New York! New York!

It was great to see a full house at hangingditch enjoying the wines of New York on a sunny evening in May. Not a region immediately associated with wine, there have nevertheless been vineyards on Long Island since the 1700s and in Finger Lakes since the 1870s. These are the two areas of New York State most important for the production of wine. Long Island, which surprisingly is on the same latitude as central Spain and Italy, has excellent soil for fruit and vegetables, similar to the soils of Bordeaux: hence its suitability for the Bordeaux grapes, particularly Merlot. The Finger Lakes, an area popular with tourists, are two hours east of New York just south of the Canadian border. It’s a cool climate, with hot days and cold nights, allowing the aromatic flavours of the grapes to develop. This is an area German immigrants in the 1870s knew would be perfect for Riesling, which is still the most important grape.

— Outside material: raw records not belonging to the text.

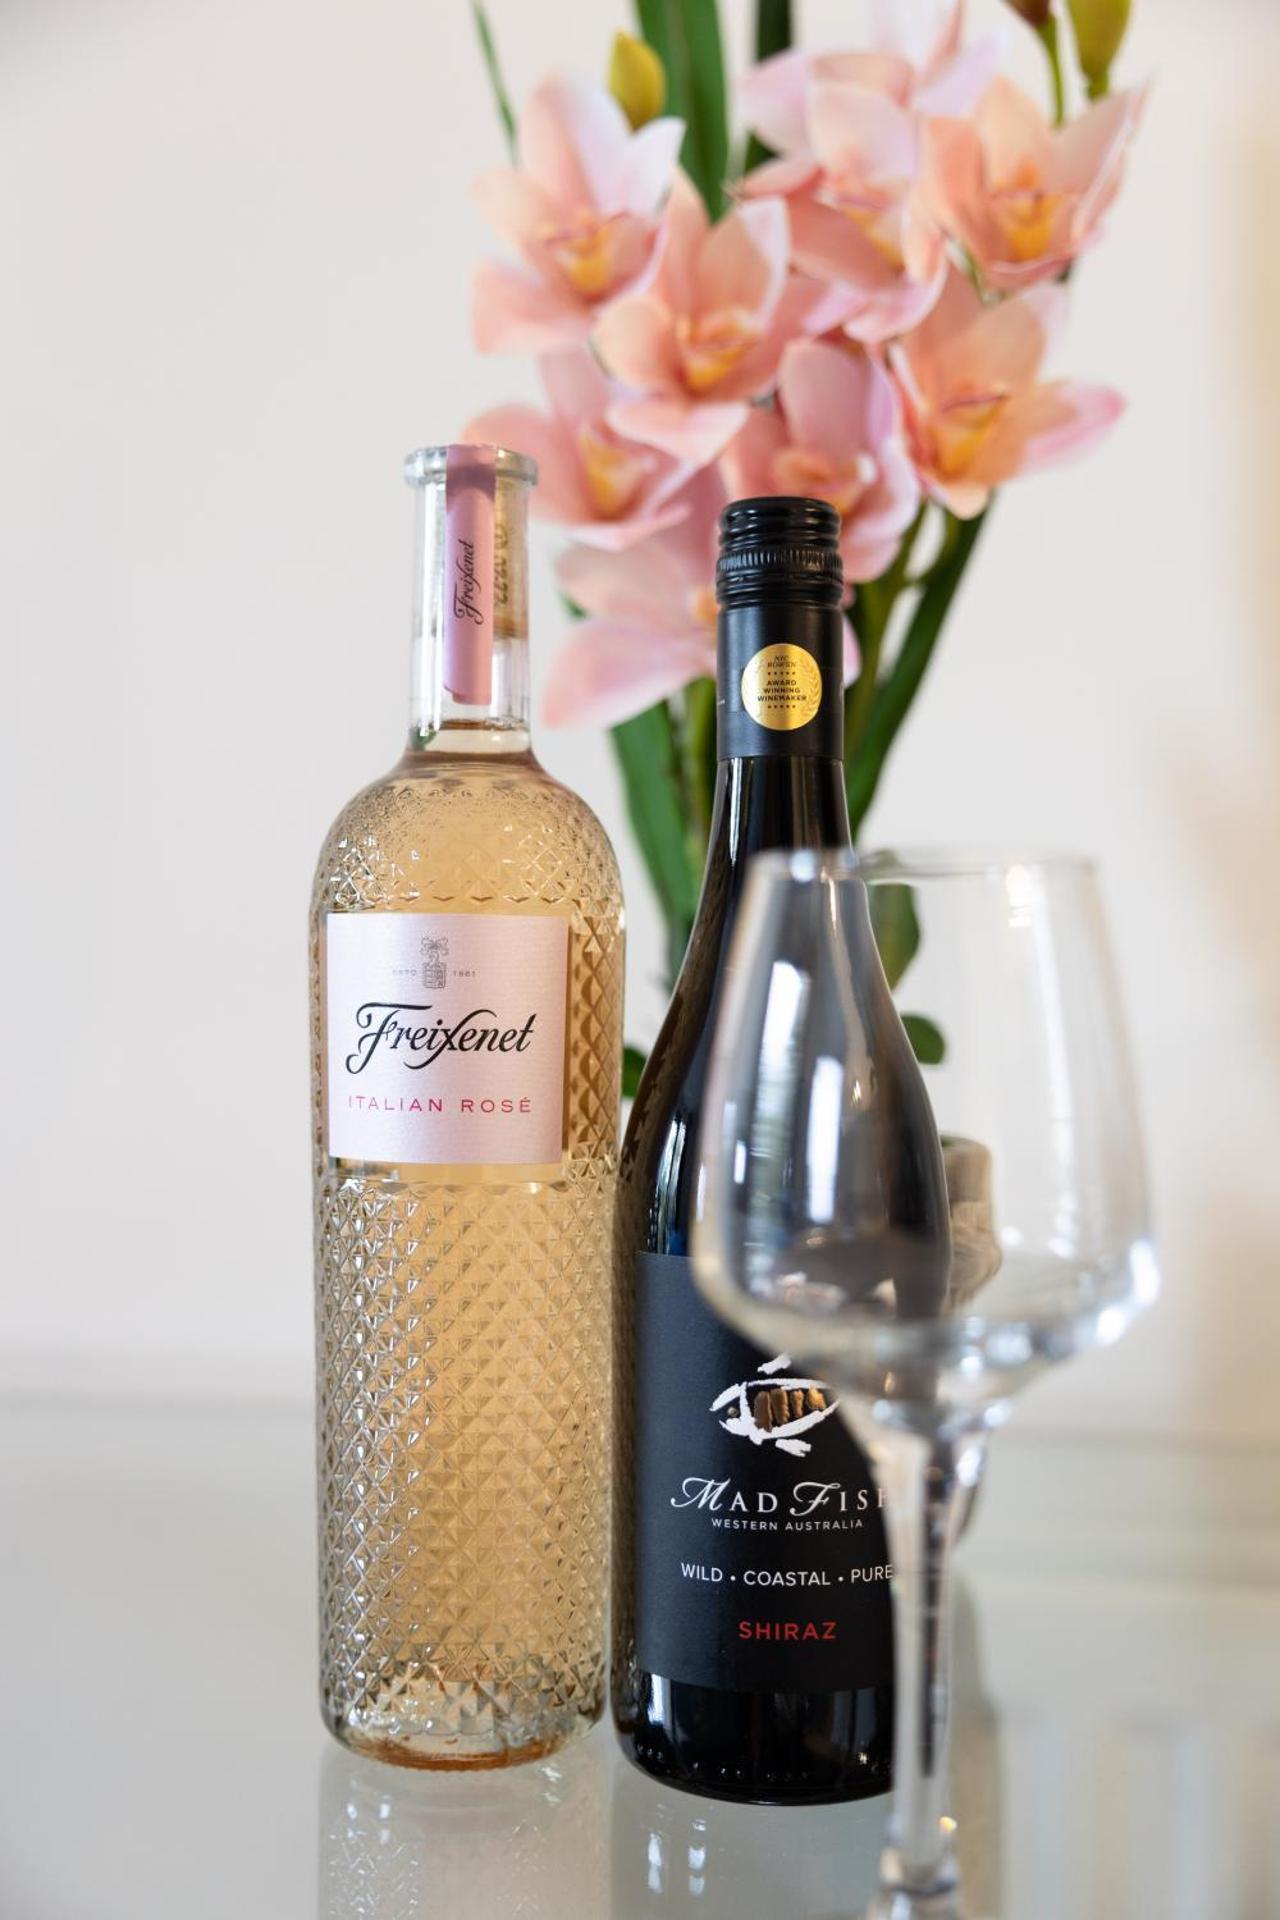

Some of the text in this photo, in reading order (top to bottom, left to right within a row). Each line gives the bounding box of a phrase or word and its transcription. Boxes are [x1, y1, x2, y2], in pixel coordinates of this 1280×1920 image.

[453, 539, 484, 625] Freixenet
[345, 1001, 538, 1075] Freixenet
[348, 1095, 532, 1113] ITALIAN ROSÉ
[711, 1517, 864, 1531] WESTERN AUSTRALIA
[681, 1562, 894, 1587] WILD COASTAL PURE
[738, 1620, 837, 1641] SHIRAZ
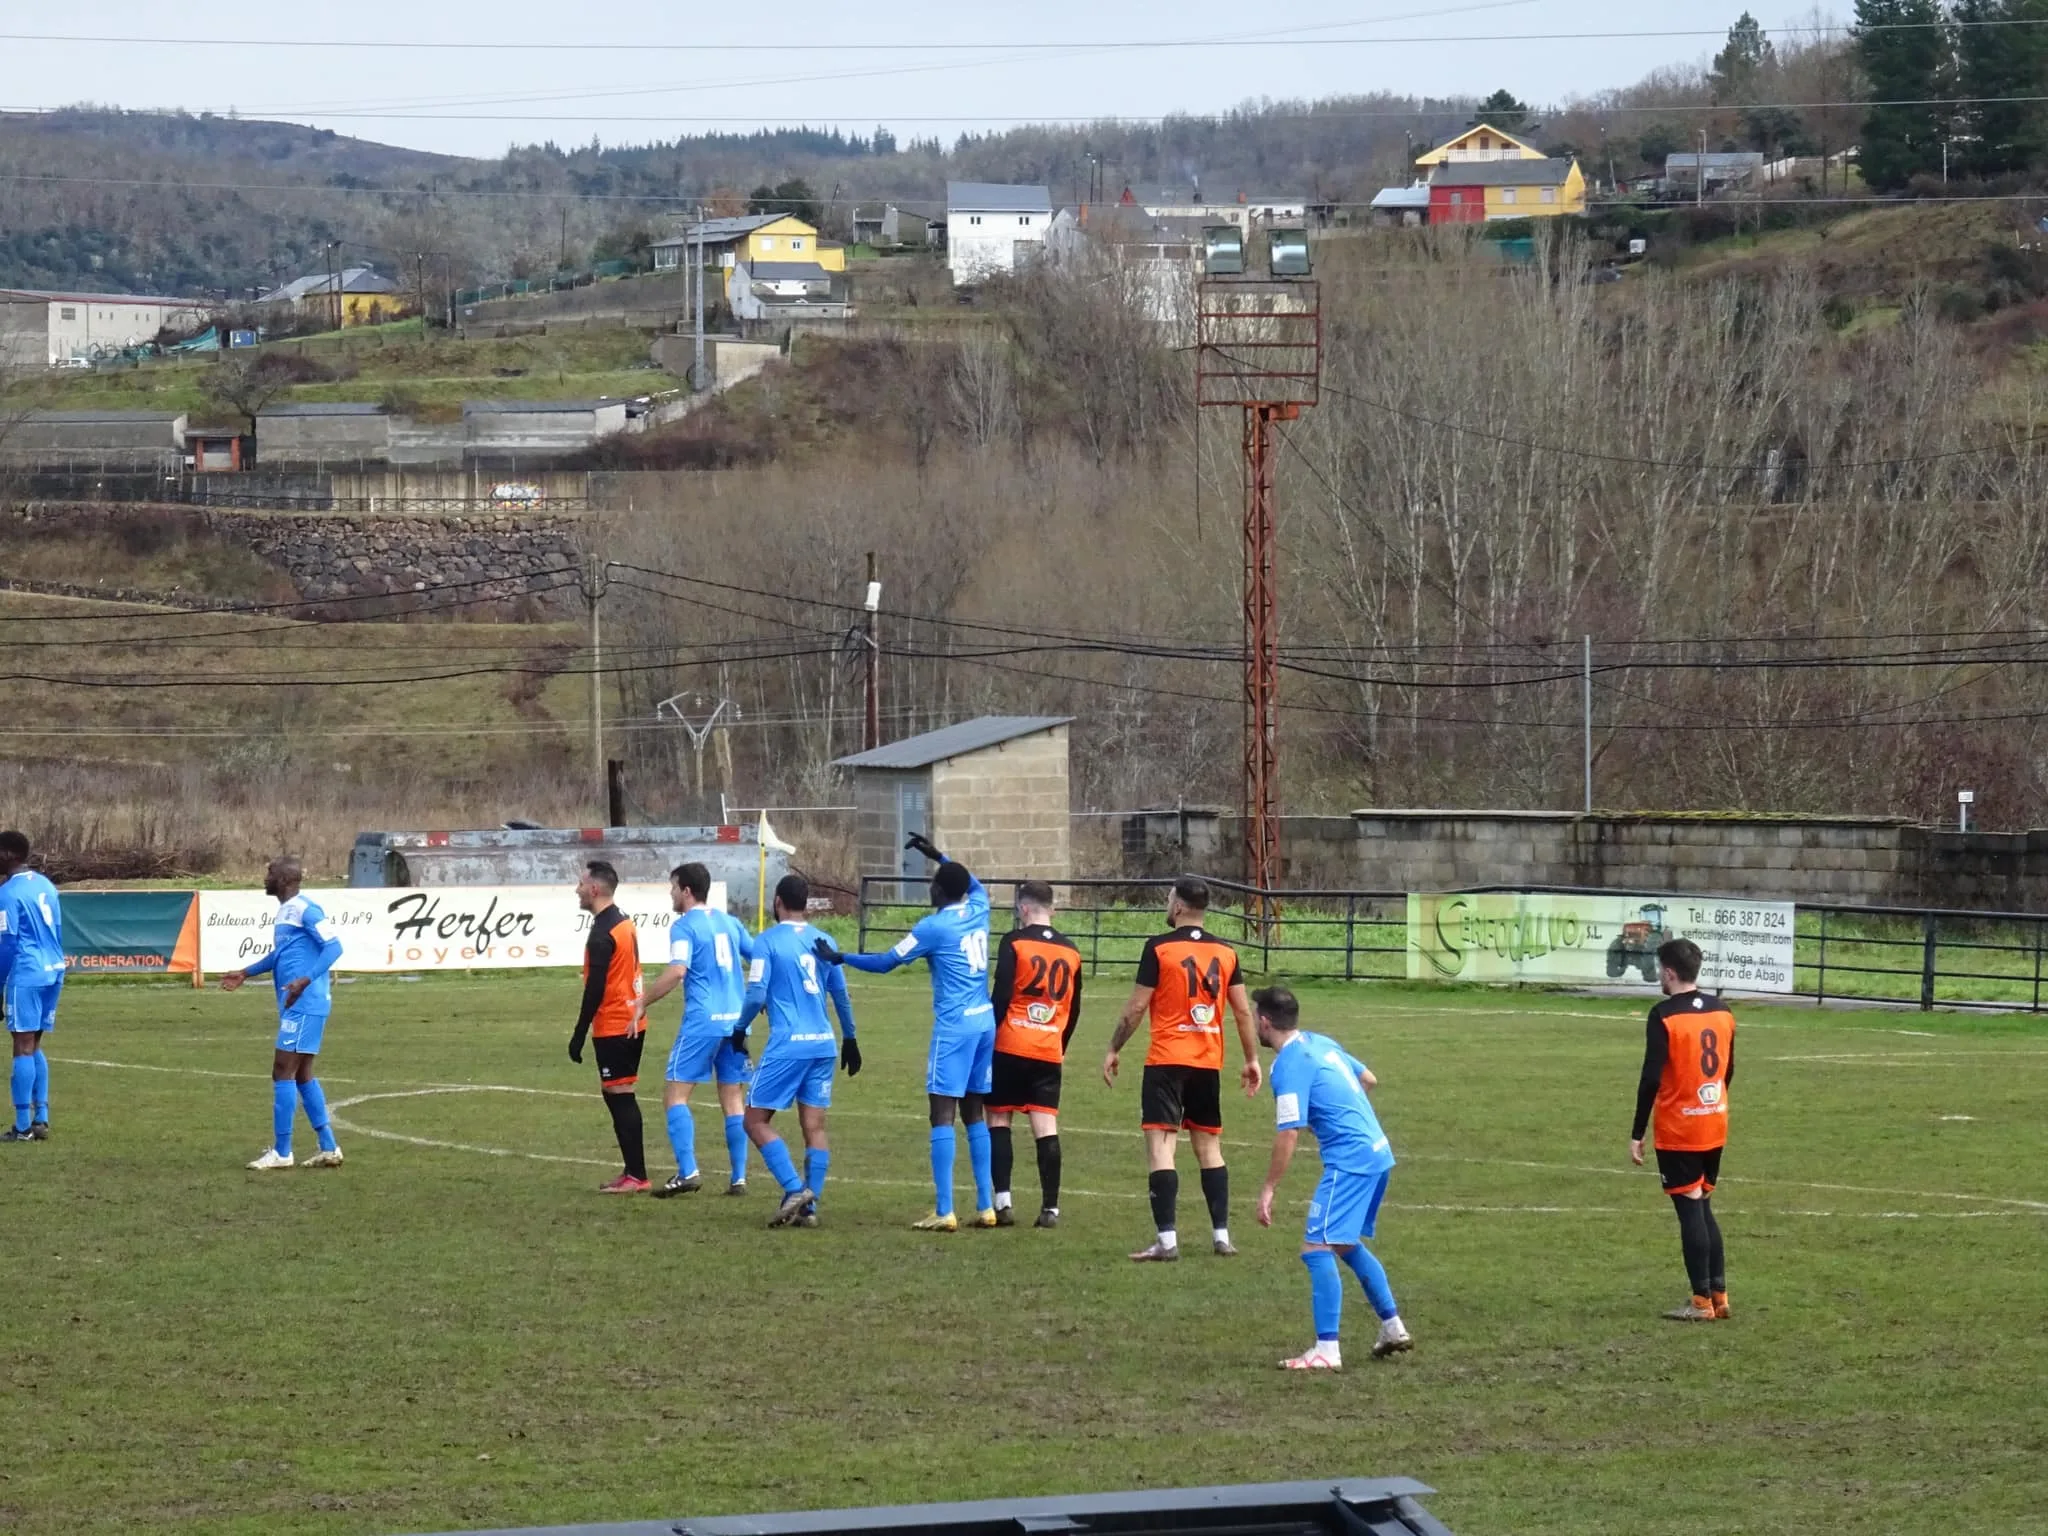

The evening was presented by Sue Chambers of Wine Equals Friends; she is clearly impassioned about New York wine, so much so that she set up her own company to bring the wine to British drinkers. For that we’re very grateful, for these were all distinctive, individual, and hugely enjoyable wines.

hanging ditch new york tasting

Sue Chambers @hangingditch

Tierce Dry Riesling 2011 (£35)

This is made by three Finger Lakes producers – Fox Run, Red Newt, and Anthony Road – and was the crowd’s favourite wine of the night. Its high acidity masked its surprisingly high level of sweetness (12g/L residual sugar). Its finish was long, racy, and electric, and its slight spiciness makes it a good match for Asian cuisine.

Red Newt Cellars Dry Riesling 2011 (£22.50)

Despite its name, this Riesling was also slightly sweet (13g/L residual sugar); it’s also low alcohol (10.2%), making this a refreshing, drinkable “lunch wine” as Sue described it. Softer and lighter than the more austere Tierce, with apples and lemon curd flavours.

Fox Run Doyle’s Family Vineyard Chardonnay 2012 (£17.50)

There’s no oak ageing to this wine, although it did rest on its lees for six months, filling out its flavour of baked apples and poached pears, with a spicy finish. I would suggest serving this wine at 10-12 degrees to allow the aromas to open out.

Red Tail Ridge Good Karma 2009 (£20)

A highly unusual blend of Riesling and Chardonnay (82%/18%), the wine was nevertheless marked by distinctive ageing Riesling notes of bruised apples, petrol, and toast. Again, the high acidity hid a surprising level of sweetness (28g/L residual sugar).

Good Karma

Lamoreaux Landing Cabernet Franc 2010 (£31.50)

Lamoreaux having been growing fruit since the 1950s and vines since the 1990s, so they have a real love and knowledge of the land. A full-bodied but very balanced wine, with toast, smoke, and oak and red cherries.

Paumanok Assemblage 2007 (£40)

From a half-Lebanese, half-German family who have been making wine on Long Island since 1983, this is an American Bordeaux blend with a difference: there’s no Cabernet Sauvignon (69% Merlot, 22% Petit Verdot, 9% Cabernet Franc). From an exceptional vintage, the wine has rich black fruits with an earthy smokiness and dried fruits coming through as the wine matures. An intense experience which would be great with a meaty game dish.

Wölffer Estate Diosa Late Harvest 2011 (£40)

Mainly Chardonnay with an unusual hybrid grape Vinnoles, this was a wonderful sweet wine to finish the night off with (212g/L residual sugar): richly sweet, with honey, dried apricots, orange peel, and a spicy finish, its sweetness balanced by a necessarily high acidity.